Non bastavano il talento irreale di Gasol, la tecnica di Calderon, l'efficacia di Navarro: queste Olimpiadi hanno presentato al mondo intero l'atletismo e la completezza di un Rudy Fernandez, non a caso già firmato in tempi non sospetti dai diabolici Blazers, e il “Chosen One” spagnolo, quel Ricky Rubio che a 17 anni ormai non è più un oggetto misterioso, ma un nome scritto in stampatello maiuscolo su 30 agende NBA, un ragazzino che ha messo in grossa difficoltà gente come Jason Kidd o Chris Paul...
- L'Americano dei ragazzi di coach K, che finalmente hanno riportato a casa una medaglia d'oro conquistata non senza fatica. E non si pensi alla finale come l'unico grosso sforzo compiuto dal Team USA in queste Olimpiadi.
Perchè questa medaglia è stata conquistata non ieri mattina (ora italiana) in campo contro la Spagna, ma 4 anni fa dopo il bronzo di Atene, quando finalmente l' USA Basketball si è resa conto che senza creare un gruppo stabile di giocatori, senza portare ogni volta tutti i migliori, senza una preparazione di almeno un mese tutti insieme, a livello internazionale si sarebbe rischiato di continuare a fare brutte figure.
Ecco il grande sforzo del Team USA in queste Olimpiadi: aver accettato di sacrificarsi, di giocare assieme, di difendere, di limitare il proprio minutaggio per il bene comune.
Solo dopo aver preso sul serio la competizione, solo dopo essersi presentati non come “selezione”, ma come squadra vera, gli Americani sono riusciti a vincere tutte le partite con scarti d'altri tempi, cosa niente affatto facile in uno sport come la pallacanestro, specialmente quando ci si presenta come favoriti, e con tutto da perdere...
Il movimento della pallacanestro americana merita questa medaglia: Bryant, Wade, James e Paul sono un quartetto di giocatori probabilmente destinati all' Hall Of Fame, e che non sfigurano al confronto coi grandi del Dream Team originale.
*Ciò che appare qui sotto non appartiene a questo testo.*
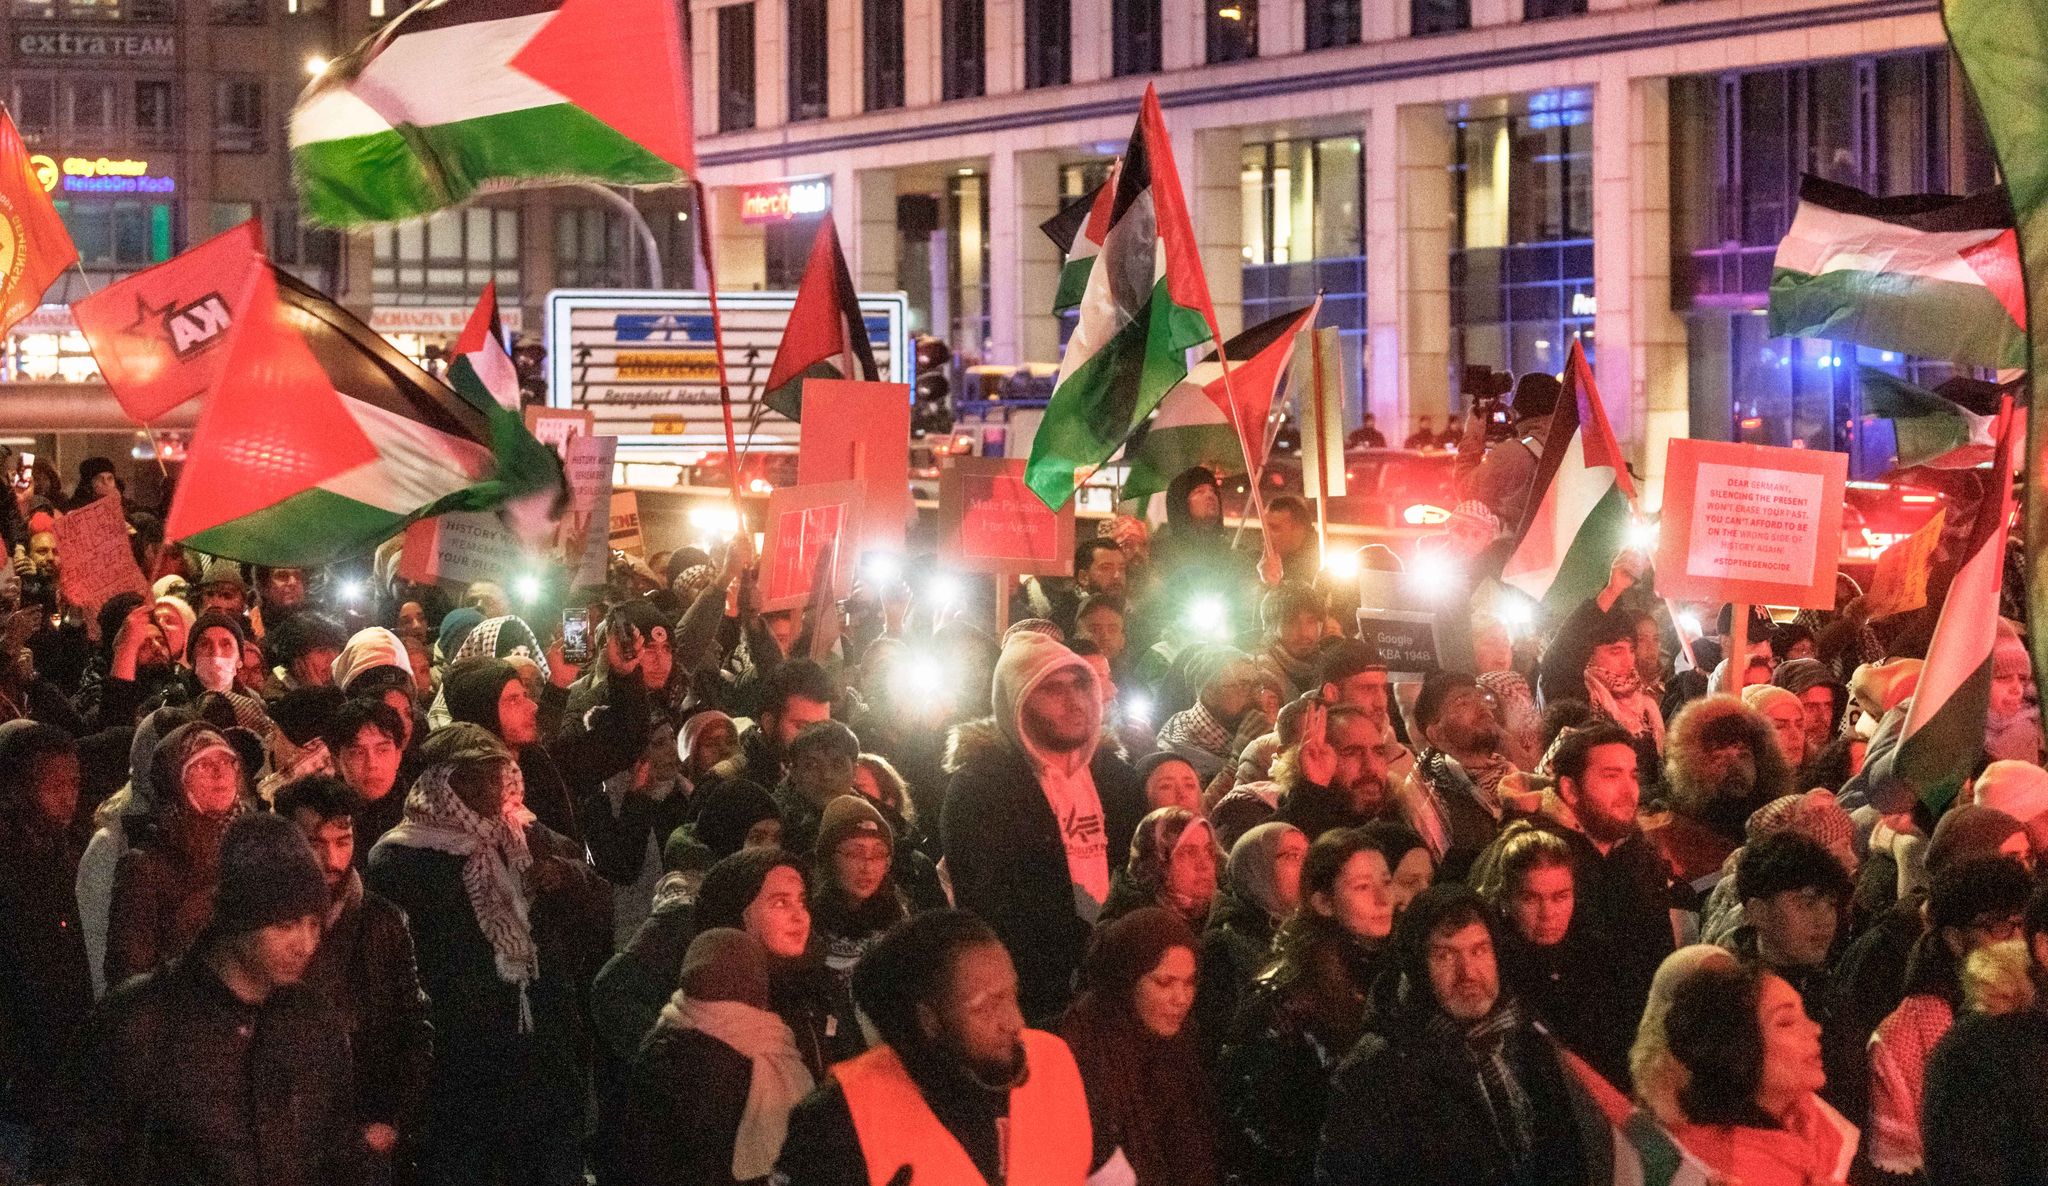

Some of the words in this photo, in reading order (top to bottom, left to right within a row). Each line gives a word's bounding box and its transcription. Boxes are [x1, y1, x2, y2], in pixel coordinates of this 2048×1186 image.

[19, 33, 107, 55] extra
[111, 36, 174, 56] TEAM
[678, 388, 721, 403] Harbur
[1728, 478, 1749, 488] DEAR
[1751, 480, 1791, 492] GERMANY,
[1710, 489, 1753, 501] SILENCING
[1755, 493, 1771, 503] THE
[1773, 495, 1809, 506] PRESENT
[1706, 502, 1733, 512] WON'T
[1735, 504, 1761, 515] ERASE
[446, 521, 498, 540] HISTORY
[1705, 515, 1723, 525] YOU
[1725, 517, 1749, 527] CAN'T
[1750, 519, 1783, 530] AFFORD
[1784, 522, 1795, 531] TO
[1797, 522, 1809, 532] BE
[1708, 527, 1720, 536] ON
[1722, 529, 1738, 538] THE
[1739, 530, 1769, 541] WRONG
[1771, 533, 1790, 543] SIDE
[1720, 541, 1755, 551] HISTORY
[1713, 558, 1791, 572] #STOPTHEGENOCIDE
[1377, 631, 1413, 647] Google
[1404, 651, 1431, 661] 1948
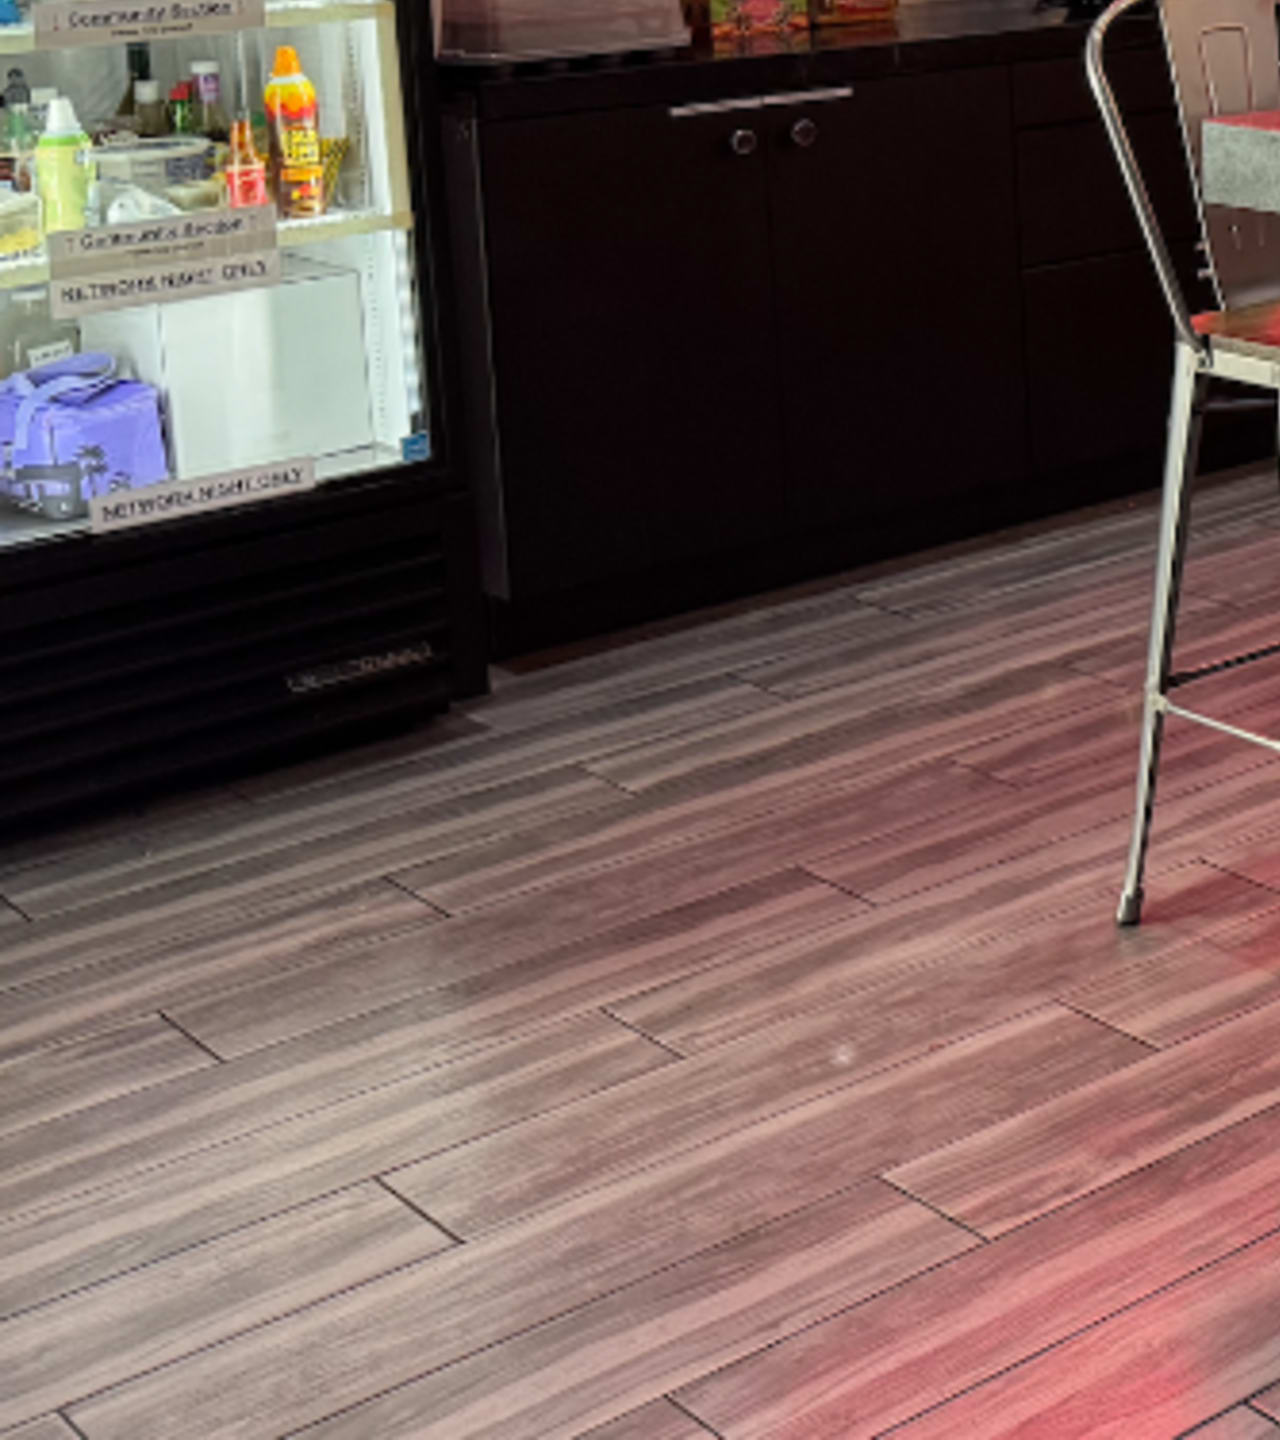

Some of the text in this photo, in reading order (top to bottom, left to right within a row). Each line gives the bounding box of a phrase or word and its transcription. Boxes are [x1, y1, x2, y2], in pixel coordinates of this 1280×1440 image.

Ma non confondiamo la Nazionale Americana con la NBA: a differenza del 1992, oggi la National Basketball Association è così bella e spettacolare anche per merito dei Nowitzki, dei Ginobili, dei Gasol, dei Ming, dei Parker... e di tutti i Ricky Rubio che verranno e che continuano a vederla come l'obbiettivo della carriera, come un sogno che si avvera.